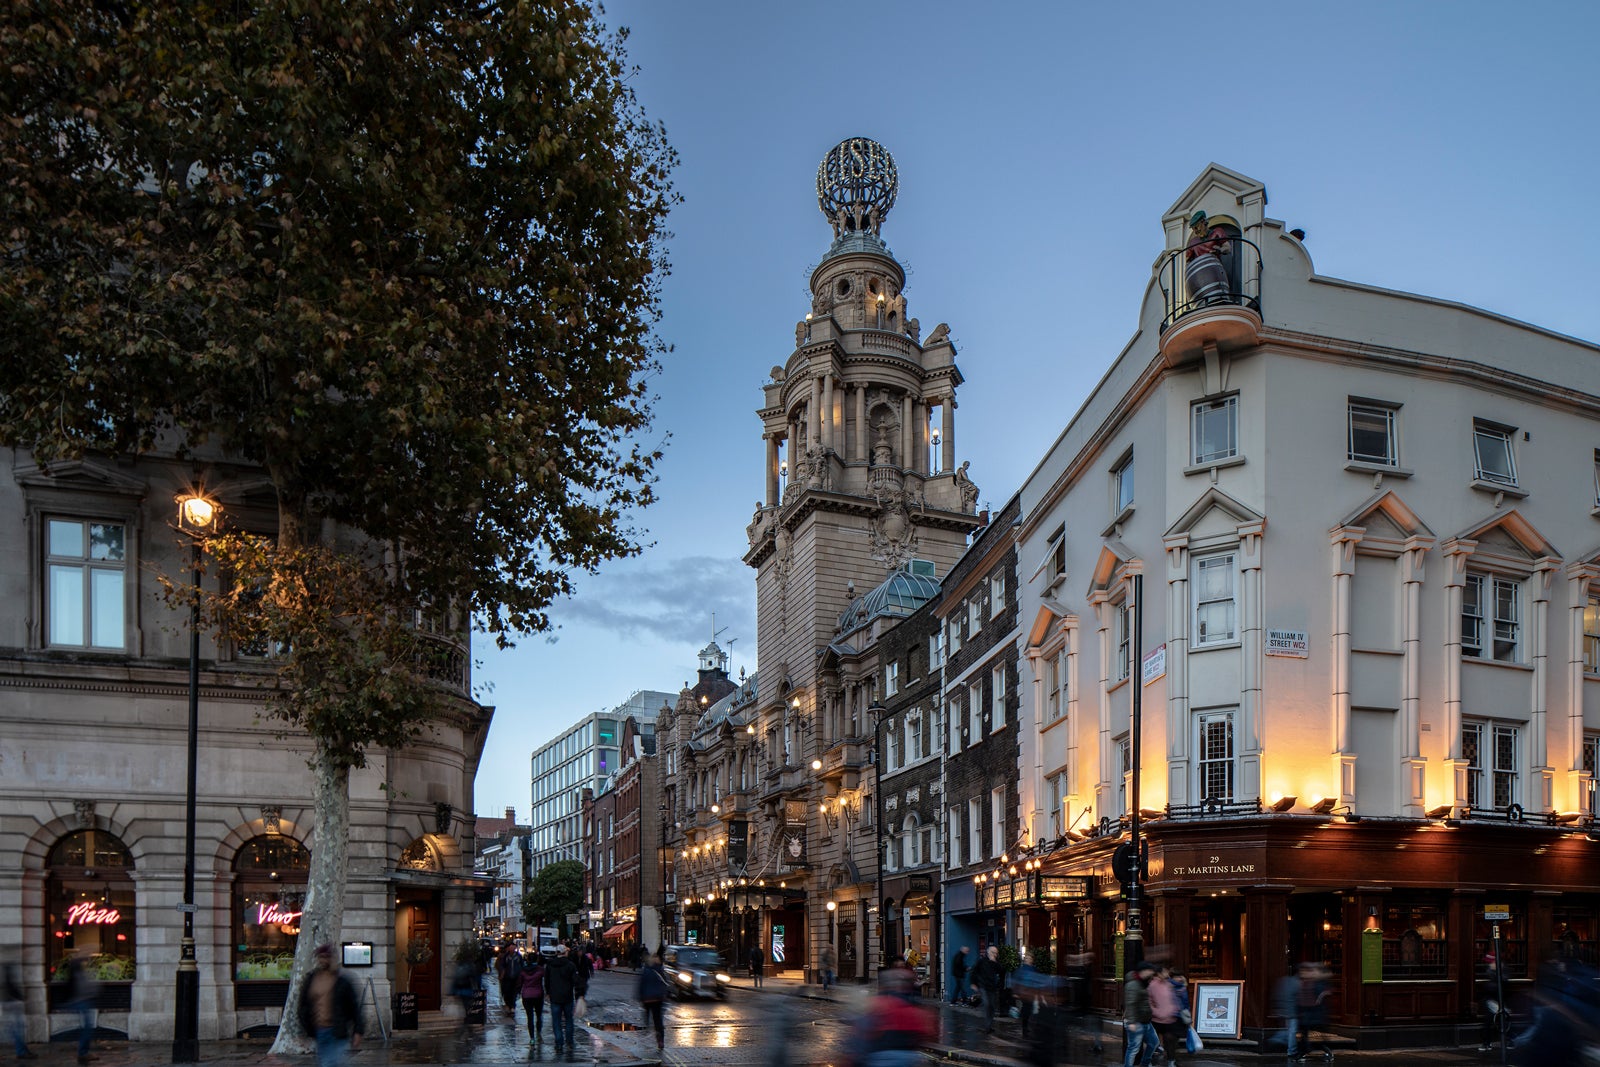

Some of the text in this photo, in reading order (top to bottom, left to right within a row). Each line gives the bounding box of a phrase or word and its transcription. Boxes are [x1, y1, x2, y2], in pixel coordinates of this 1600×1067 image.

[1270, 631, 1304, 641] WILLIAM IV
[1270, 639, 1306, 649] STREET WC2
[1209, 856, 1220, 864] 29
[1173, 864, 1255, 875] ST. MARTINS LANE
[67, 901, 121, 926] Pizza
[258, 902, 303, 926] Vino
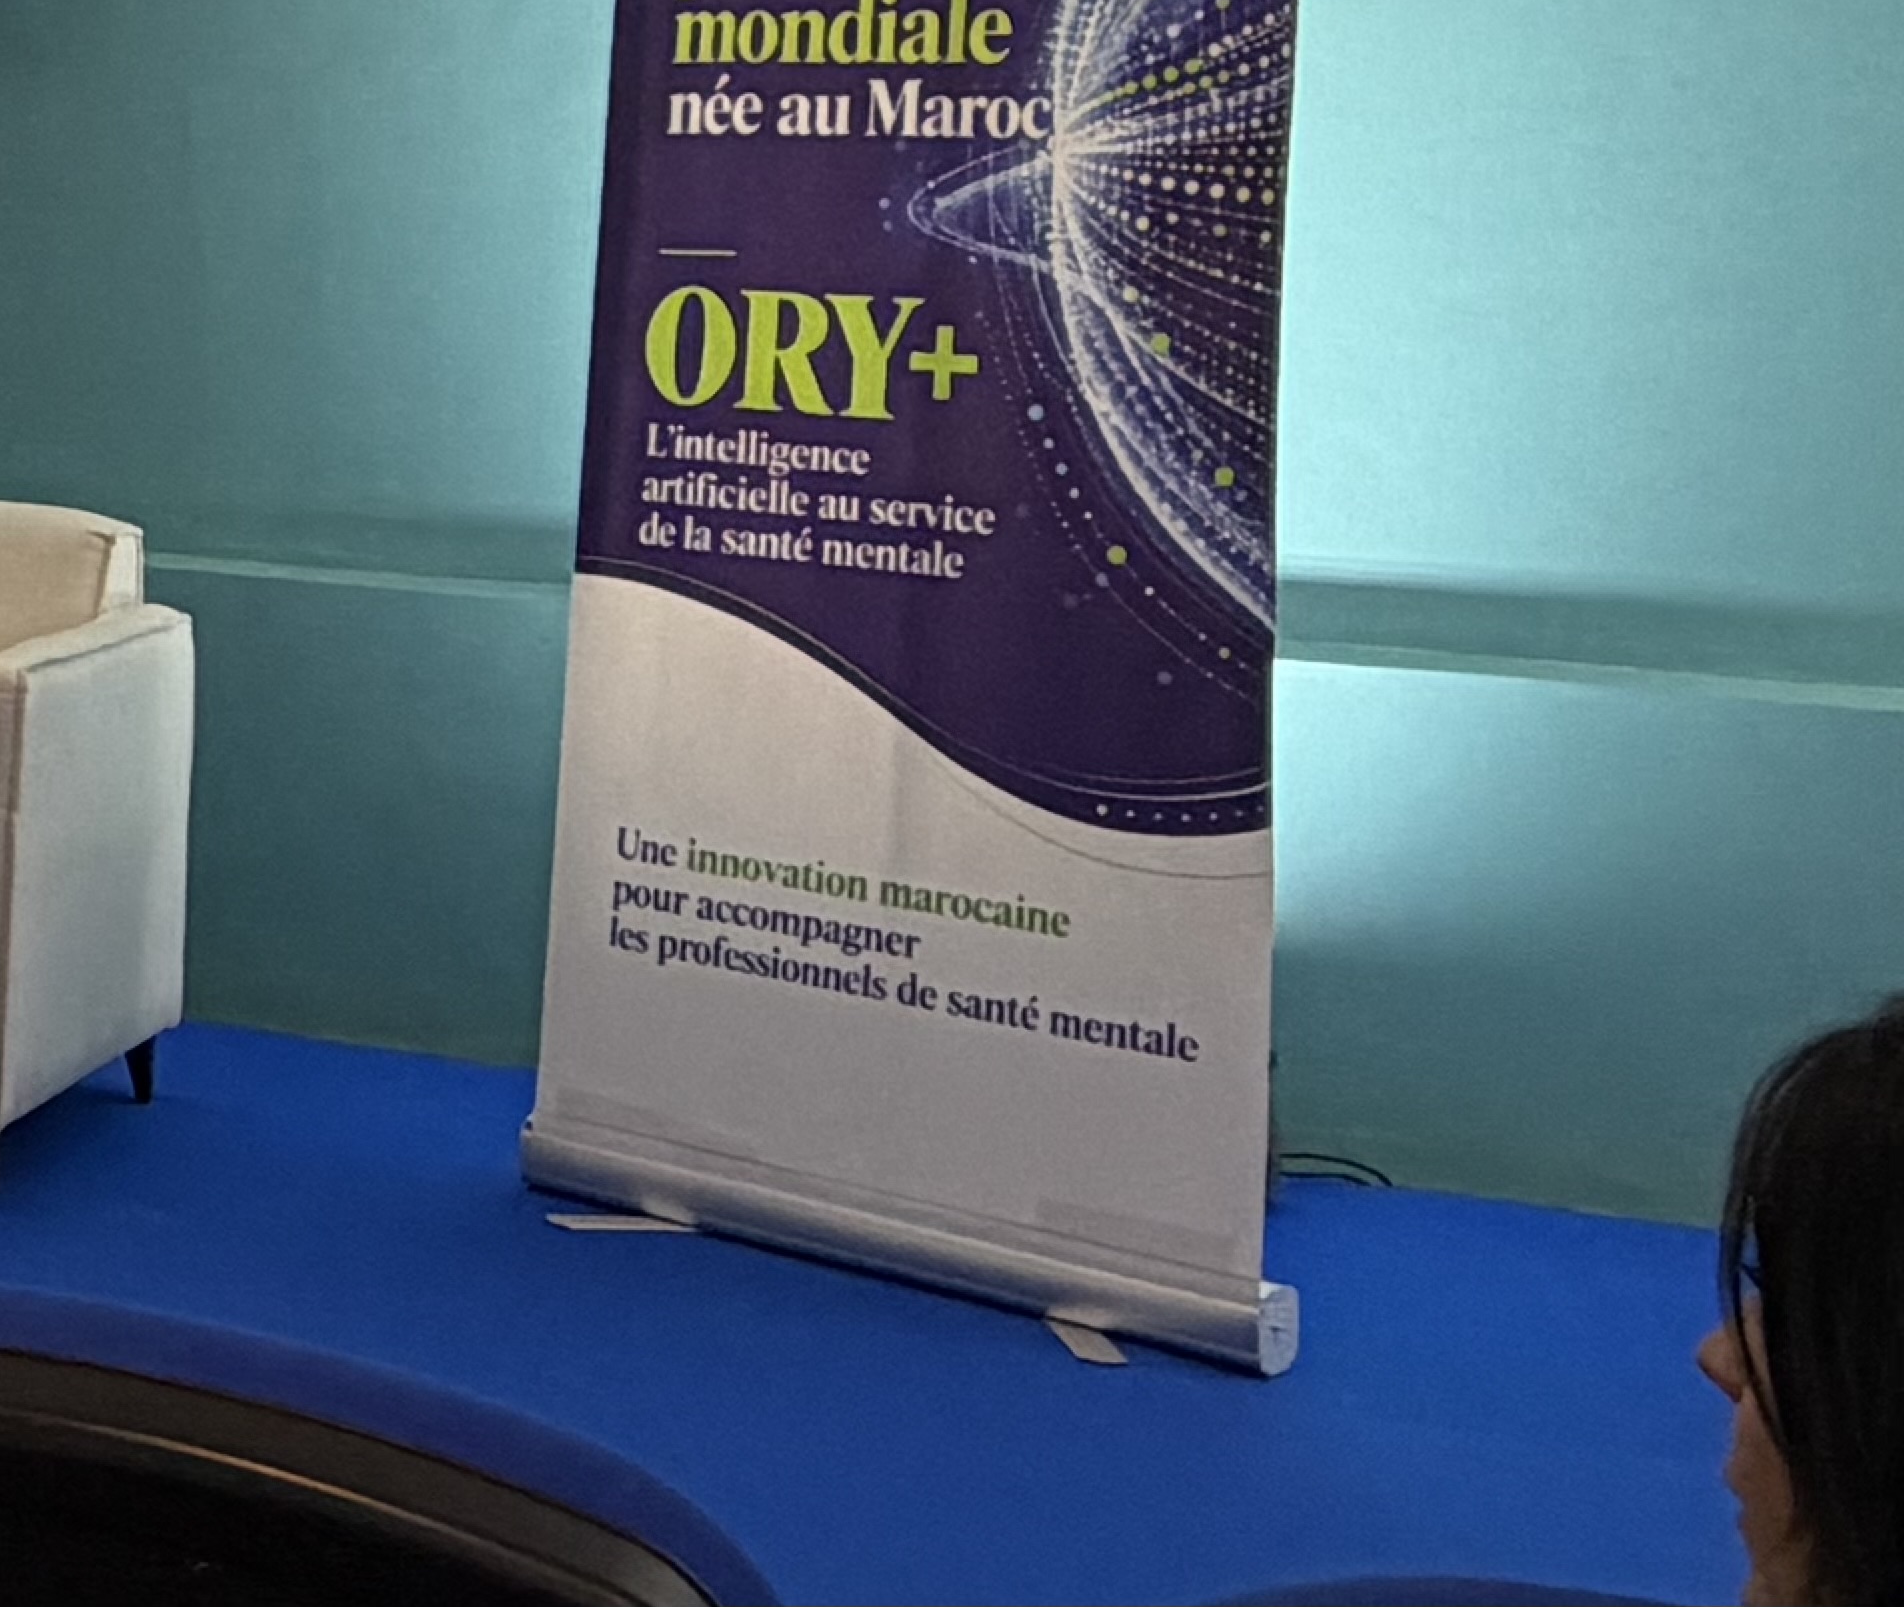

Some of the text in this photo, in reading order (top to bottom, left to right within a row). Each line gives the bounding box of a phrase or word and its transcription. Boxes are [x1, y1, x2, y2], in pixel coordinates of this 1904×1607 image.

[666, 73, 1052, 140] née au Maroc
[645, 285, 979, 421] ORY+
[647, 422, 871, 476] L'intelligence
[640, 472, 996, 535] artificielle au service
[639, 511, 966, 579] de la santé mentale
[612, 879, 922, 958] pour accompagner
[617, 826, 1072, 939] Une innovation marocaine
[609, 915, 1200, 1064] les professionnels de santé mentale

Work instruction -> Restate each line of the material word for word, skipping any picture.

Expected answer ->
Some of the text in this photo, in reading order (top to bottom, left to right within a row). Each line gives the bounding box of a phrase or word and its transcription. Boxes are [x1, y1, x2, y2], in pixel coordinates of this 1600×1067 image.

[1270, 631, 1304, 641] WILLIAM IV
[1270, 639, 1306, 649] STREET WC2
[1209, 856, 1220, 864] 29
[1173, 864, 1255, 875] ST. MARTINS LANE
[67, 901, 121, 926] Pizza
[258, 902, 303, 926] Vino

Some of the text in this photo, in reading order (top to bottom, left to right within a row). Each line gives the bounding box of a phrase or word and its transcription. Boxes are [x1, y1, x2, y2], in pixel coordinates of this 1904×1607 image.

[666, 73, 1052, 140] née au Maroc
[645, 285, 979, 421] ORY+
[647, 422, 871, 476] L'intelligence
[640, 472, 996, 535] artificielle au service
[639, 511, 966, 579] de la santé mentale
[612, 879, 922, 958] pour accompagner
[617, 826, 1072, 939] Une innovation marocaine
[609, 915, 1200, 1064] les professionnels de santé mentale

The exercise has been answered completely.